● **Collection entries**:
________________

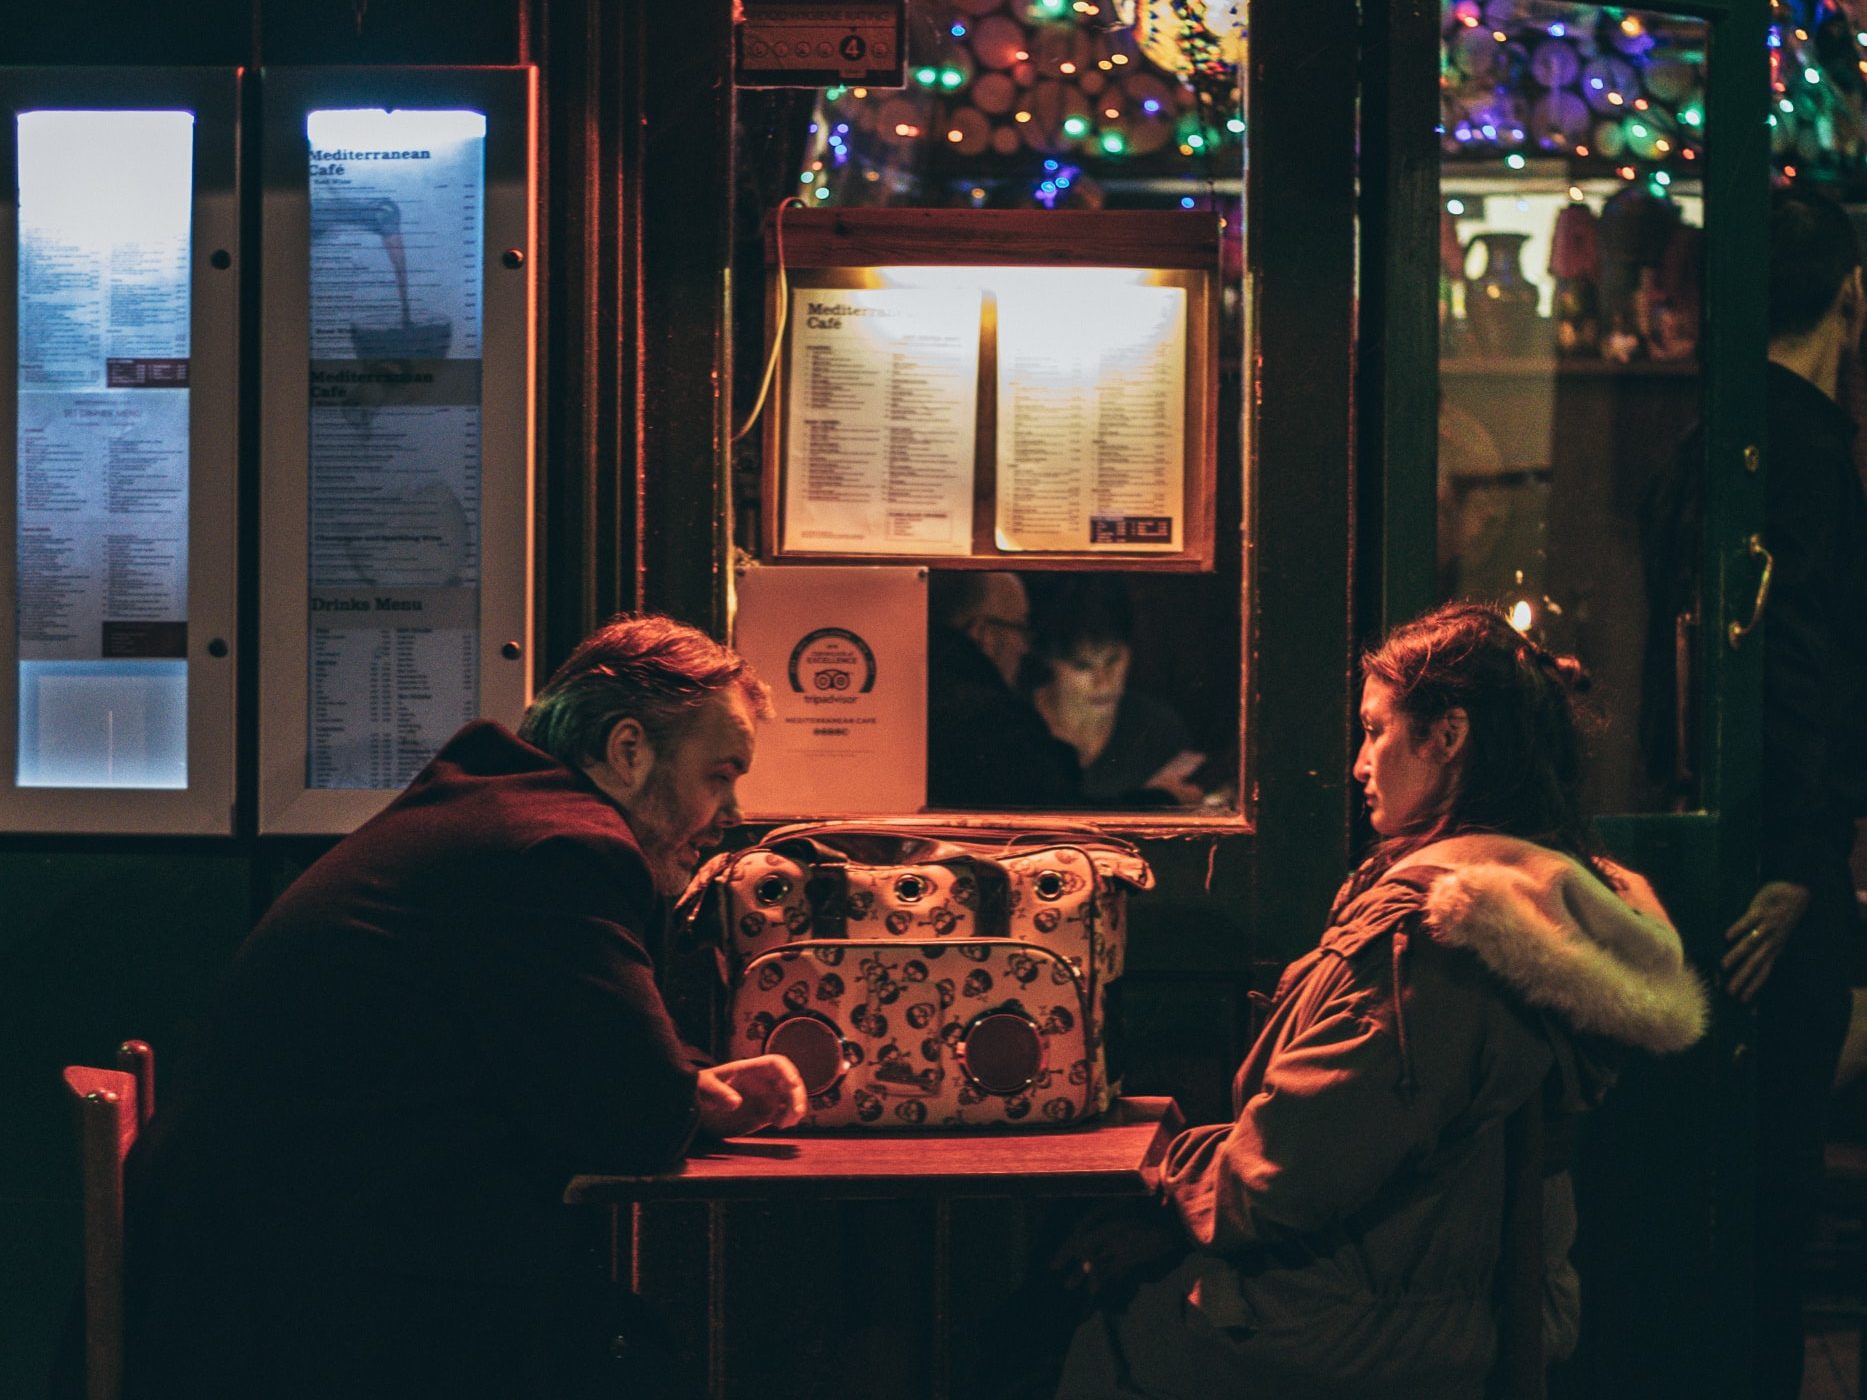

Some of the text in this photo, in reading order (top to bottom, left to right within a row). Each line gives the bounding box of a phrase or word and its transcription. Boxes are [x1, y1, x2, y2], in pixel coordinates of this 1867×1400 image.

[845, 39, 860, 57] 4
[309, 149, 431, 161] Mediterranean
[309, 163, 345, 176] Café
[807, 317, 842, 329] Café
[311, 597, 423, 611] Drinks Menu

________________

● **DIRECTIONS**: Skipping all images, print the data above a second time exactly.

● **WRITTEN RESPONSE**:
Some of the text in this photo, in reading order (top to bottom, left to right within a row). Each line gives the bounding box of a phrase or word and its transcription. Boxes are [x1, y1, x2, y2], in pixel coordinates of this 1867×1400 image.

[845, 39, 860, 57] 4
[309, 149, 431, 161] Mediterranean
[309, 163, 345, 176] Café
[807, 317, 842, 329] Café
[311, 597, 423, 611] Drinks Menu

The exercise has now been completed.